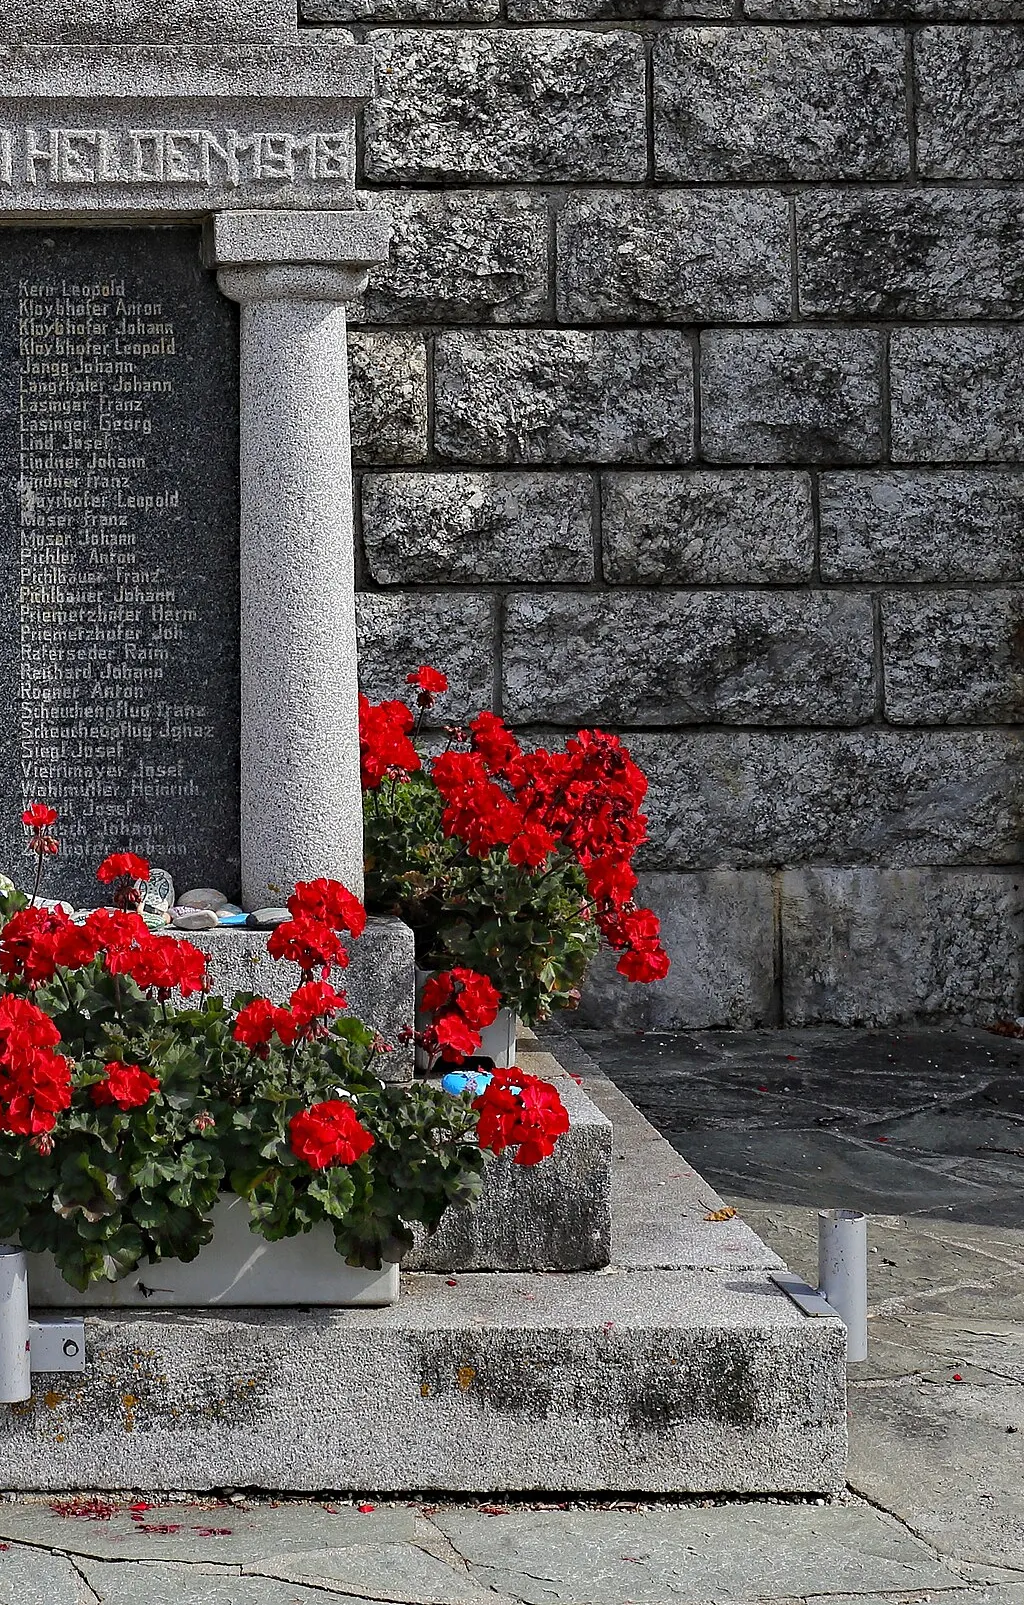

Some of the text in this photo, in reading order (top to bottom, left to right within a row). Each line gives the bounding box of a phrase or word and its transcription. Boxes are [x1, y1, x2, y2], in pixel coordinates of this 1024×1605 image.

[23, 129, 238, 186] HELDEN
[239, 132, 350, 181] 1918
[18, 280, 125, 299] Kern Leopold
[116, 299, 162, 316] Anton
[115, 318, 174, 335] Johann
[115, 338, 176, 357] Leopold
[74, 357, 134, 374] Johann
[113, 375, 173, 392] Johann
[19, 394, 143, 414] Lasinger Franz
[19, 414, 153, 434] Lasinger Georg
[20, 433, 111, 450] Lind Josef
[20, 452, 146, 468] Lindner Johann
[86, 471, 131, 488] Franz
[118, 490, 179, 509] Leopold
[84, 509, 129, 526] Franz
[20, 529, 136, 546] Moser Johann
[20, 547, 136, 564] Pichler Anton
[116, 567, 160, 584] Franz
[113, 586, 176, 603] Johann
[99, 662, 164, 679] Johann
[91, 682, 144, 698] Anton
[158, 702, 206, 719] Franz
[71, 741, 125, 758] Josef
[133, 761, 185, 778] Josef
[82, 799, 133, 816] Josef
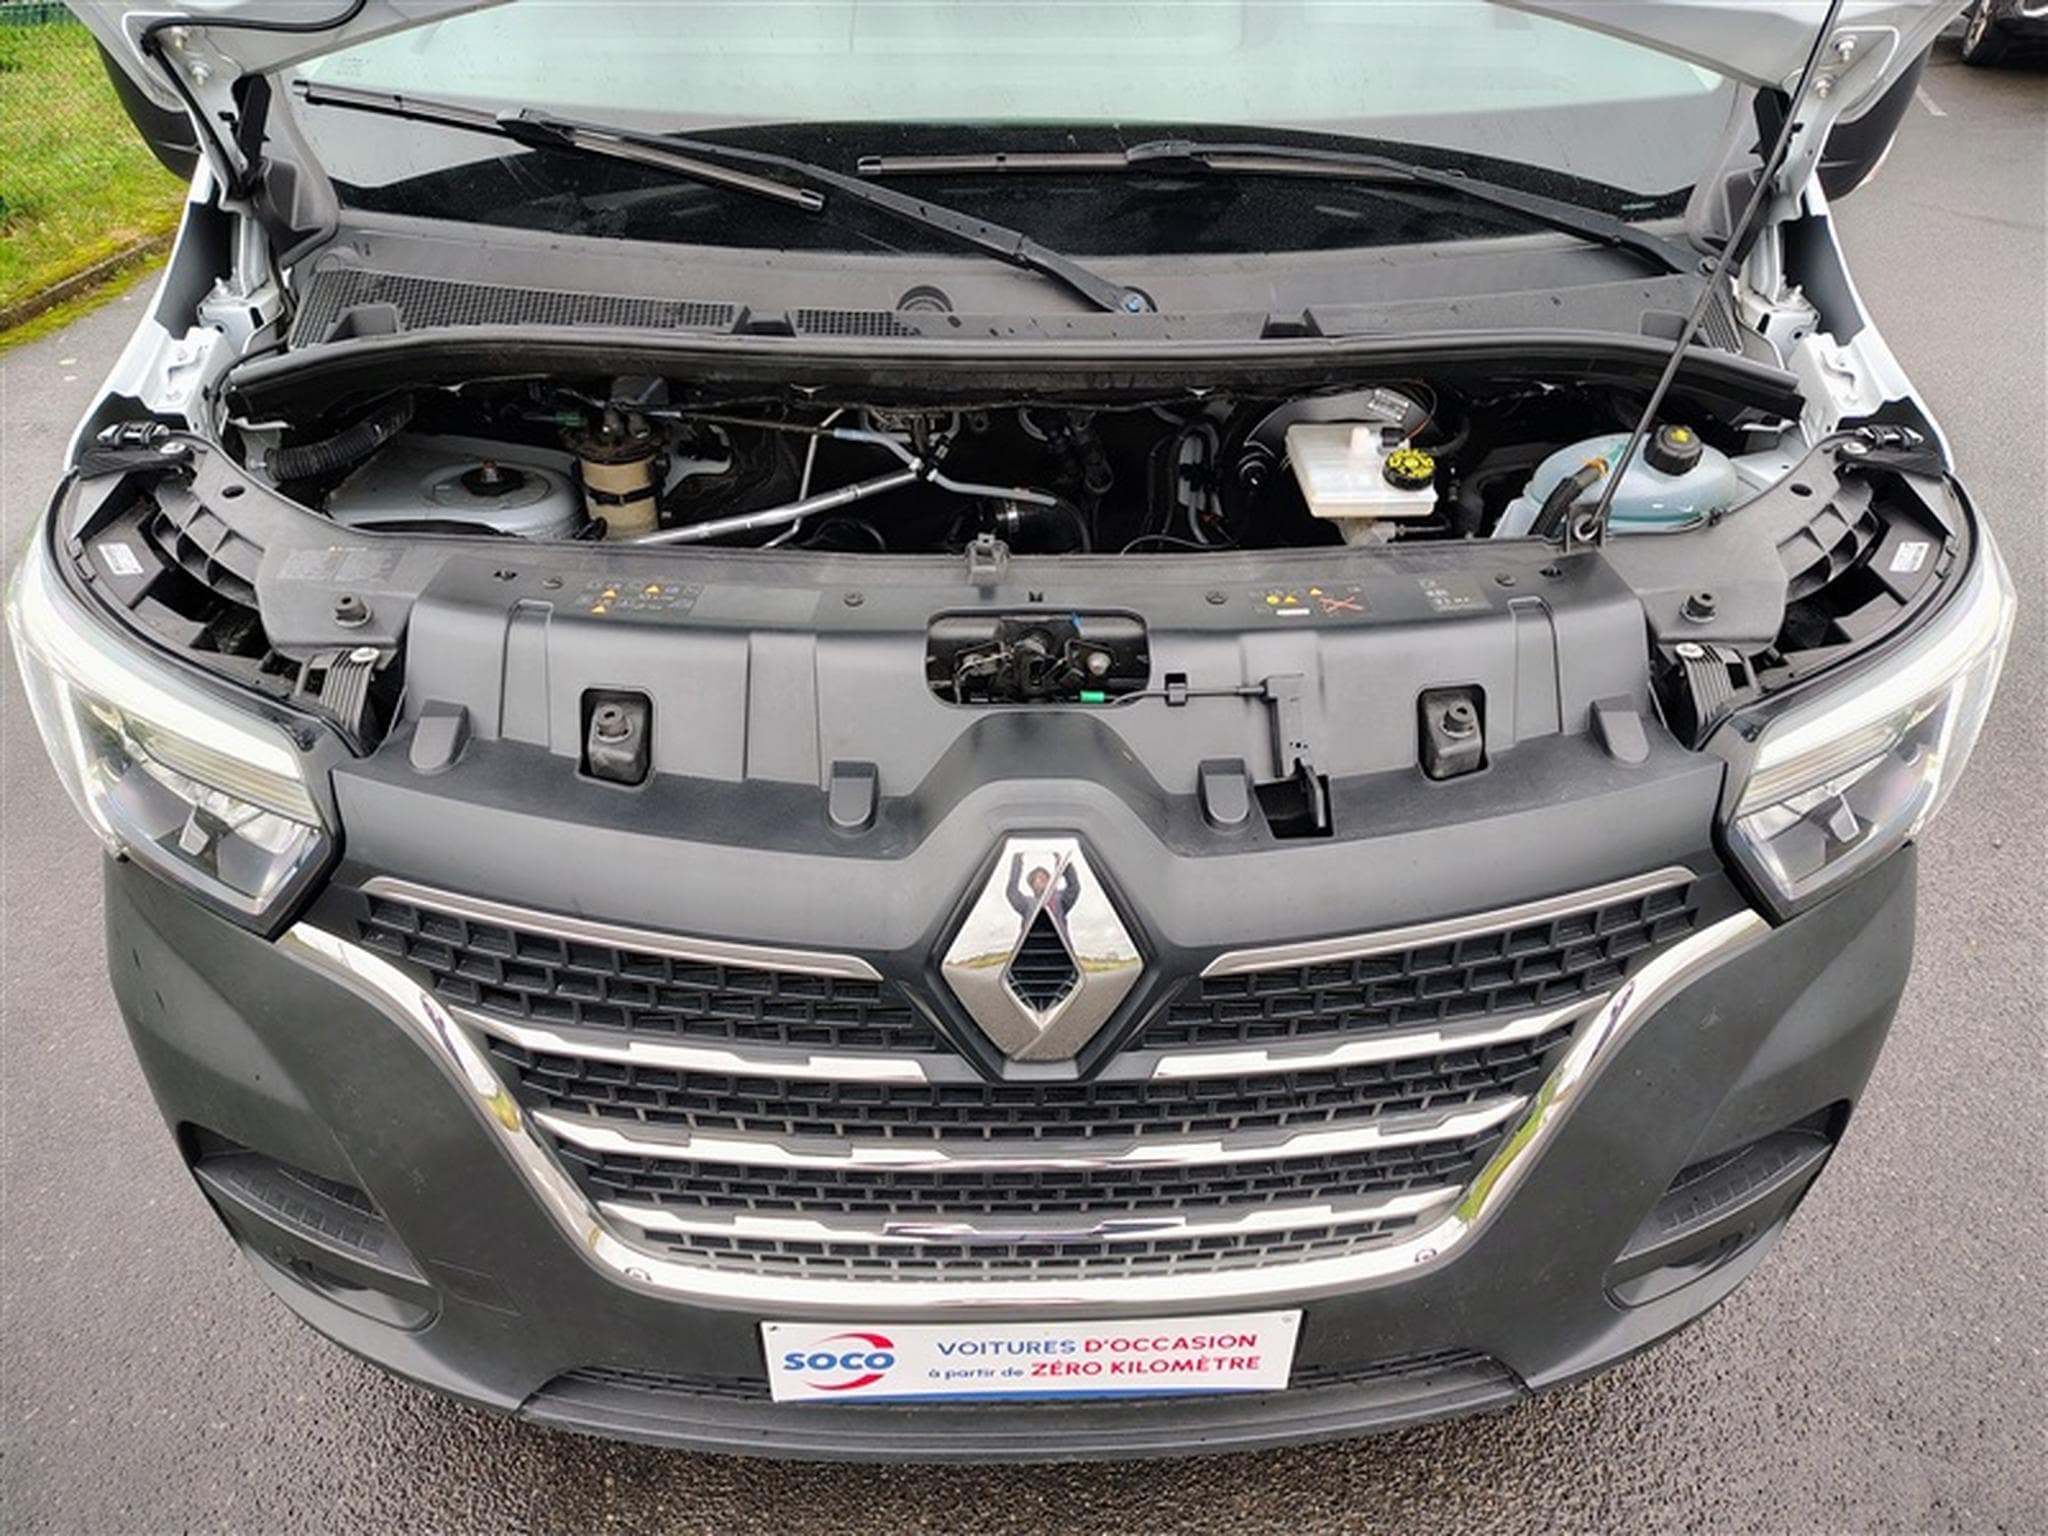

» TASK INSTRUCTIONS: With images omitted, retype the data word for word.

» RESPONSE FOR THIS EXERCISE:
Some of the text in this photo, in reading order (top to bottom, left to right within a row). Each line gives the bounding box of a phrase or word and its transcription. Boxes are [x1, y1, x2, y2], in pixel coordinates of this 1024×1605 image.

[23, 129, 238, 186] HELDEN
[239, 132, 350, 181] 1918
[18, 280, 125, 299] Kern Leopold
[116, 299, 162, 316] Anton
[115, 318, 174, 335] Johann
[115, 338, 176, 357] Leopold
[74, 357, 134, 374] Johann
[113, 375, 173, 392] Johann
[19, 394, 143, 414] Lasinger Franz
[19, 414, 153, 434] Lasinger Georg
[20, 433, 111, 450] Lind Josef
[20, 452, 146, 468] Lindner Johann
[86, 471, 131, 488] Franz
[118, 490, 179, 509] Leopold
[84, 509, 129, 526] Franz
[20, 529, 136, 546] Moser Johann
[20, 547, 136, 564] Pichler Anton
[116, 567, 160, 584] Franz
[113, 586, 176, 603] Johann
[99, 662, 164, 679] Johann
[91, 682, 144, 698] Anton
[158, 702, 206, 719] Franz
[71, 741, 125, 758] Josef
[133, 761, 185, 778] Josef
[82, 799, 133, 816] Josef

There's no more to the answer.